Victory over Verbal Abuse has been written to provide answers to many questions about verbal abuse and in particular to support recovery from the impact of verbal abuse. To recover from verbal abuse, it is essential to know that healing is possible.
Abuse can begin anytime—in infancy, or in an adult relationship. It can be perpetrated by anyone who cannot tolerate your separateness and so attempts to shape you into his or her projected self, while ignoring your real self.

If you have experienced verbal abuse, you must know clearly that you are not responsible for anyone’s abuse of you. You cannot make it happen to you. You may not be able to tell when it is happening to you. In a relationship, you know that the perpetrator is a separate person, but as strange as it seems, the perpetrator does not recognize you as a separate person. The perpetrator defines your inner world as if he or she were living within you.
Your victory also means clarity about who you are, what you like, what brings you satisfaction, along with awareness of your talents and gifts. Your victory is the journey you take to create what you want in your life—a life that gives you meaning and purpose and is most fulfilling. Your victory is fully realized when any fears, self-doubts, and confusing perceptions disappear.
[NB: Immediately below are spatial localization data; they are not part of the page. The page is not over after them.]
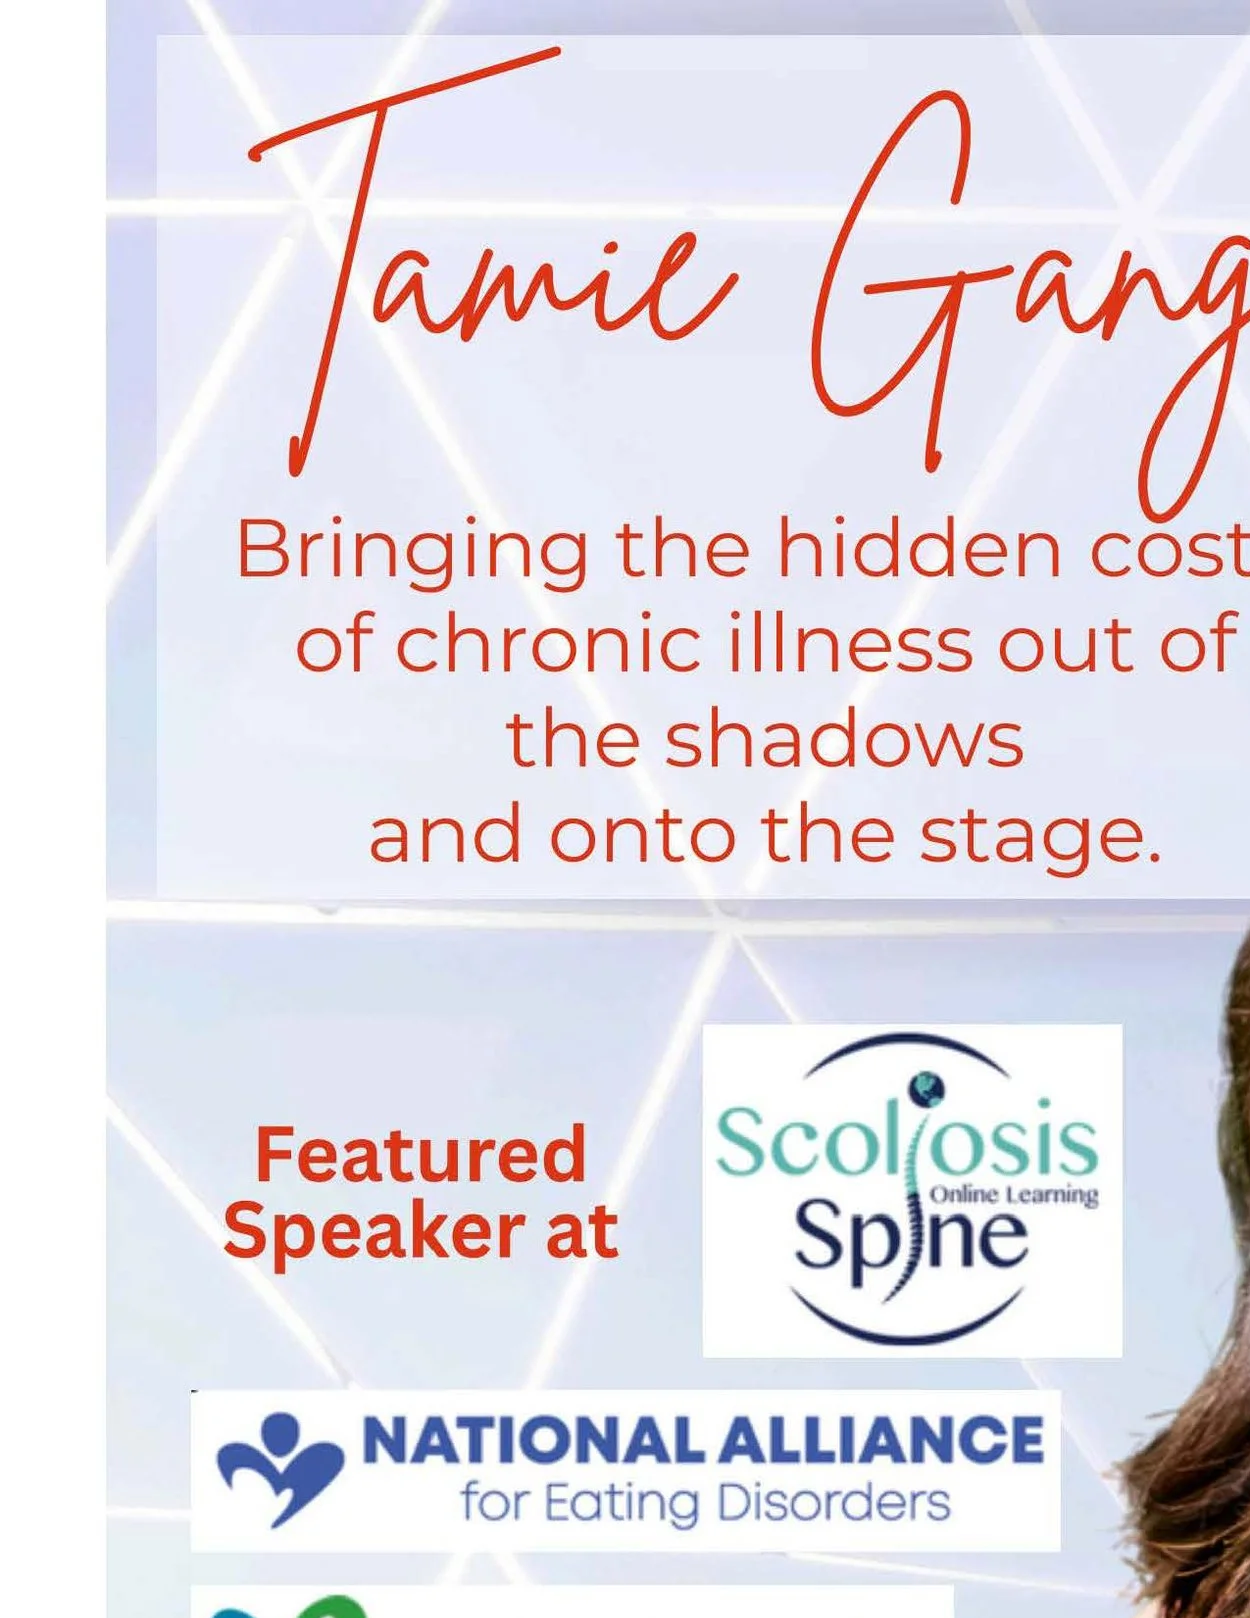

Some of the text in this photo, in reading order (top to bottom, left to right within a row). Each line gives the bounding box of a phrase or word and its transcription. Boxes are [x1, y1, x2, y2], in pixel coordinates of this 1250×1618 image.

[248, 47, 739, 477] Tamie
[240, 515, 586, 593] Bringing
[616, 516, 749, 577] the
[781, 516, 1059, 577] hidden
[297, 610, 1238, 672] of chronic illness out of
[506, 706, 1023, 768] the shadows
[371, 801, 1159, 878] and onto the stage.
[258, 1123, 584, 1183] Featured
[716, 1073, 1100, 1180] Scoliosis
[929, 1184, 1099, 1209] Online Learning
[225, 1197, 618, 1275] Speaker at
[795, 1196, 1029, 1302] Spine
[363, 1414, 1044, 1465] NATIONAL ALLIANCE
[460, 1479, 951, 1531] for Eating Disorders
As we collectively come to understand just what verbal abuse is and how it impacts humanity, we will have a healthier world. In this regard, victory over verbal abuse is extremely important to all who want to live in a world without war in any form—that is, people seeking power over other people. Achieving this can be one of our most important goals if we want to make it so. If we progress in achieving this victory, the dark cloud of verbal abuse will gradually dissipate in the light of awareness, just as the sun dispels the fog. This will make a difference in the lives of millions of people. For example, a dictator using verbally abusive and controlling behavior could not rise to power if most who witnessed verbal abuse recognized it for what it is!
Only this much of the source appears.